BOUFFONS QUERELLE DES
L'influence des Italiens
Les passions soulevées par l'arrivée des Bouffons italiens à Paris ne furent pas vaines, car l'influence exercée par leur style sur l'opéra-comique français fut féconde. L'opéra-comique se limitait jusqu'alors à la comédie à ariettes, mise à la mode par des compositeurs comme Gillier, Mouret, Saint-Sevin, Corrette, Blaise, par des librettistes et adaptateurs comme Lesage, D'Orneval, Piron, Fuzelier, Panard et surtout Favart qui, en 1741, avait obtenu, à la foire Saint-Germain, son premier grand succès avec sa Chercheuse d'esprit. Dans l'exemple des musiciens italiens, Favart puisa une plus grande variété d'expression dans les airs, les duos, les ensembles. La musique qui jusqu'ici, dans ces petits opéras-comiques, représentés sur les théâtres des foires Saint-Laurent ou Saint-Germain, n'avait qu'un rôle secondaire devint l'élément le plus important et exprima avec plus de vérité le caractère des personnages qui évoluaient sur scène.

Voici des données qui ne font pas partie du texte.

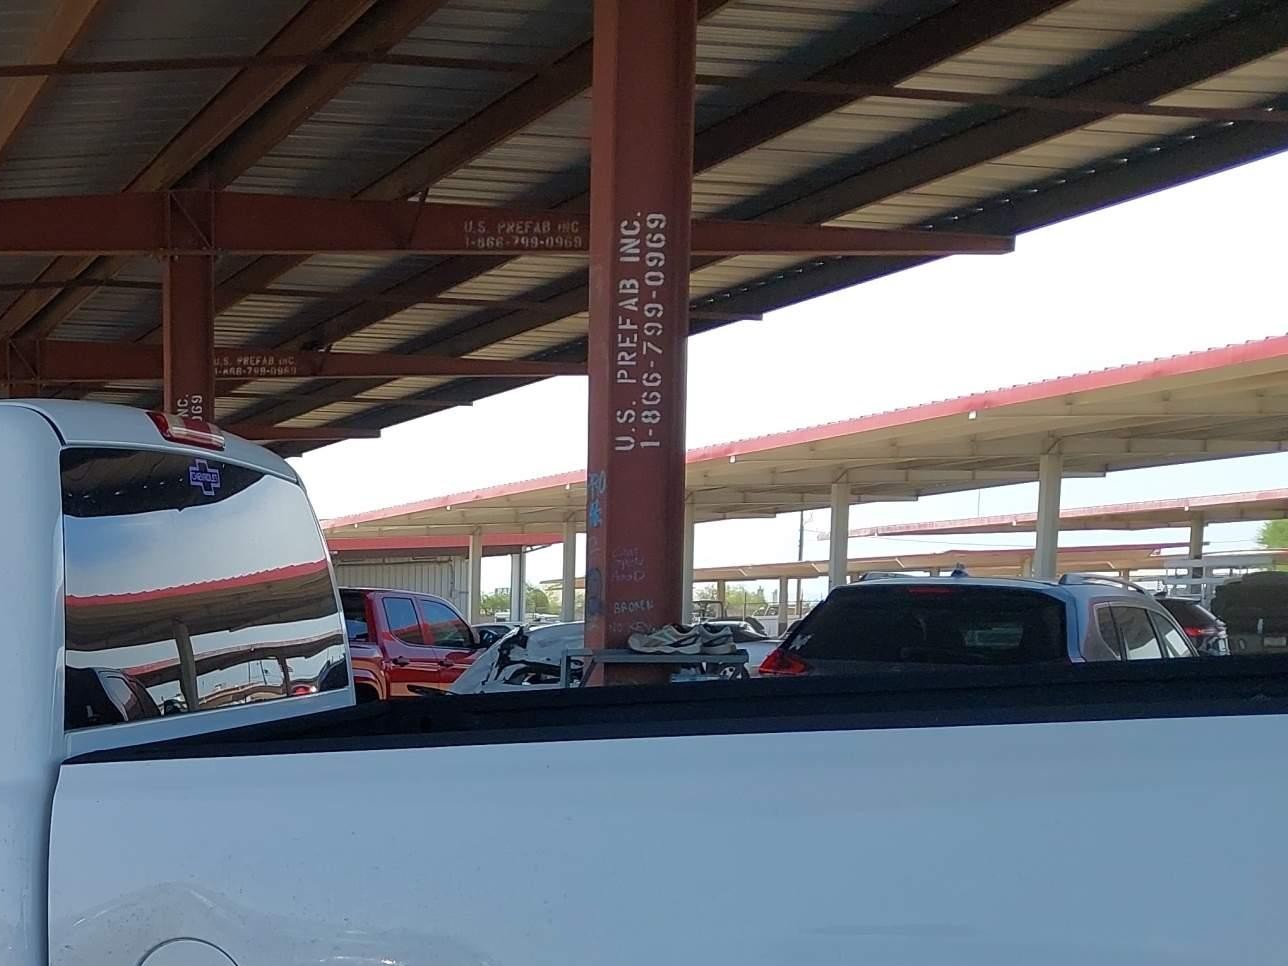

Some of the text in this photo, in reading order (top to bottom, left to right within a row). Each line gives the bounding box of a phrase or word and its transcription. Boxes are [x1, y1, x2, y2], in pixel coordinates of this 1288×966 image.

[497, 220, 551, 234] PREFAB
[465, 236, 583, 249] 1-866-799-0969
[615, 212, 641, 451] U.S. PREFAB INC.
[640, 213, 666, 448] 1-866-799-0969
[177, 394, 189, 417] NC.
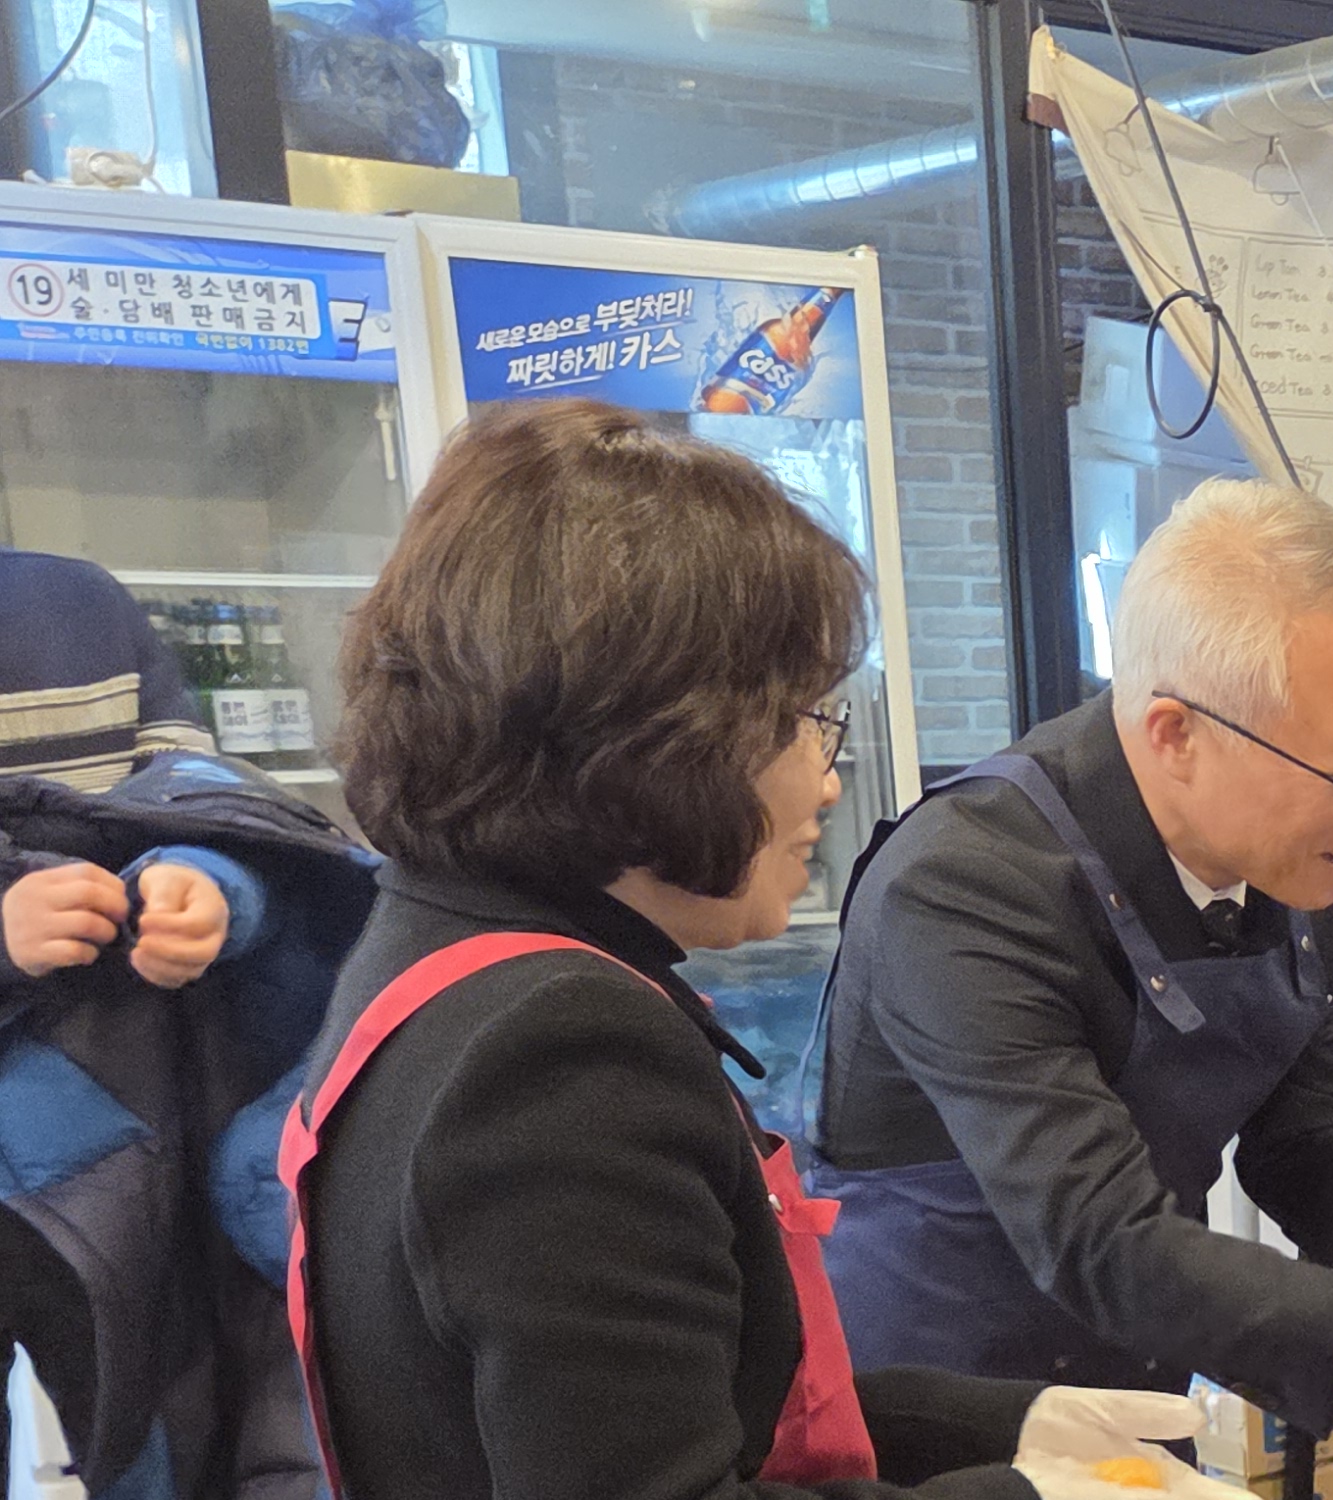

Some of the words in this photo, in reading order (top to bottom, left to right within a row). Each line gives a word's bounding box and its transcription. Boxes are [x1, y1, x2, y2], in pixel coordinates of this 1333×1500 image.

[15, 274, 53, 306] 19
[67, 266, 90, 293] 세
[105, 269, 157, 296] 미만
[171, 273, 303, 307] 청소년에게
[190, 304, 307, 334] 판매금지
[476, 325, 526, 351] 새로운
[526, 314, 591, 344] 모습으로
[594, 287, 694, 332] 부딪쳐라!
[507, 341, 616, 386] 짜릿하게!
[620, 329, 682, 371] 카스
[739, 349, 795, 389] Cass

Jean-Jacques Rousseau fut le premier à appliquer ce genre nouveau dans son Devin de village, créé en octobre 1752, devant la Cour, à Fontainebleau, et donné pour la première fois à l'Opéra le 1er mars 1753 avec un succès qui devait se prolonger jusqu'en 1829. Des musiciens comme Blavet avec son Jaloux corrigé et Dauvergne avec ses Troqueurs suivirent cet exemple.

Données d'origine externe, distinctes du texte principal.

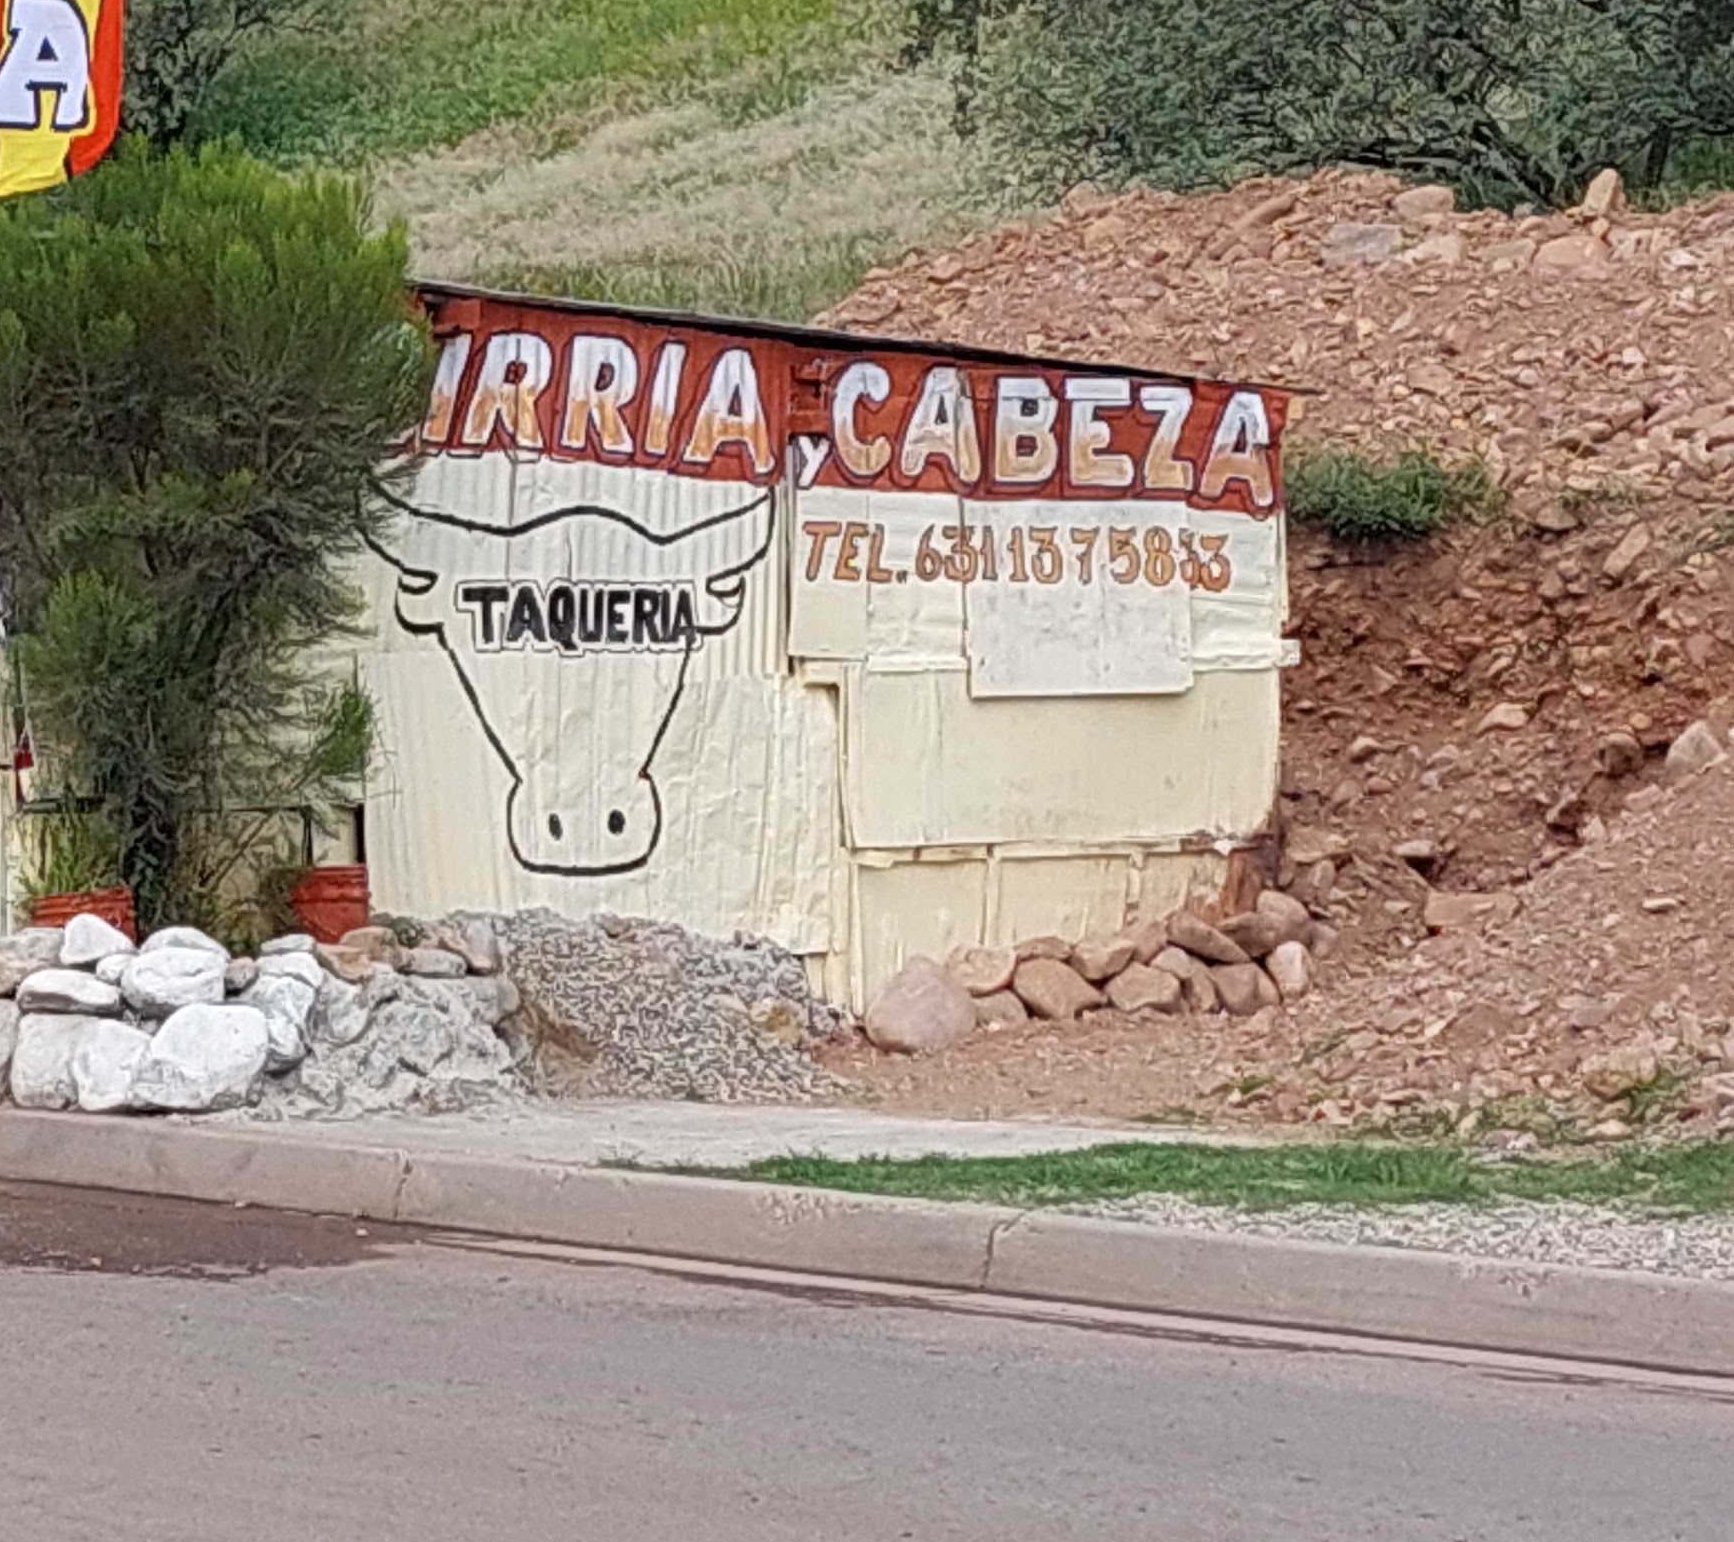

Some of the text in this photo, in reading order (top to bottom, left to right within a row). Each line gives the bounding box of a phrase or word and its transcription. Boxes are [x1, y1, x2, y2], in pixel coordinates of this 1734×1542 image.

[390, 332, 777, 476] IRRIA
[832, 361, 1276, 511] CABEZA
[462, 585, 698, 652] TAQUERIA

La querelle des Bouffons prendra en 1753 un tour plus passionné encore, à la suite de la Lettre sur la musique française publiée par Jean-Jacques Rousseau. Dans cette lettre, tout comme dans son Dictionnaire de musique et dans sa Nouvelle Héloïse, à l'instar de Grimm qui reprochait à l'opéra français d'être « un faux genre où rien ne rappelle la nature », Jean-Jacques Rousseau se fit le champion de cette « nature » que l'on découvrait non seulement dans la musique, mais également dans la littérature et la philosophie. Il y condamnait la musique française, en s'élevant contre tout le conventionnel des représentations d'opéras, contre les airs à roulades sans aucun rapport avec les sentiments exprimés par les chanteurs, contre tout l'apparat souvent ridicule des scènes à machines et à transformations, contre les éclats vocaux et les excessives gesticulations des interprètes, contre la bruyante exécution de l'orchestre, contre l'absence d'action dramatique, contre l'abus d'une mythologie ressassée, contre la pompeuse niaiserie des paroles des poèmes et enfin contre l'infériorité de la langue.
Ces critiques virulentes de Rousseau sur l'opéra classique français étaient fondées, mais leur auteur, dans son intransigeance, a quelque peu noirci le tableau ; bien des productions froides, ennuyeuses, sans âme, dues à de médiocres compositeurs avaient envahi la scène lyrique française après la mort de Lully, mais un grand musicien, Jean-Philippe Rameau, conservait à l'opéra son prestige. Partisan du vrai en musique, Rameau s'en rapportait à la nature pour exprimer dans ses opéras des sentiments, un climat, une atmosphère. Mais la nature chez lui était savamment adaptée, elle était magnifiée par la brillante harmonie qui la traduisait, alors que ses adversaires souhaitaient une identification à une nature simple, naïve, sans recherche. Cette richesse harmonique, associée à la mélodie la plus subtile, que nous admirons tant aujourd'hui chez Rameau, lui était alors reprochée.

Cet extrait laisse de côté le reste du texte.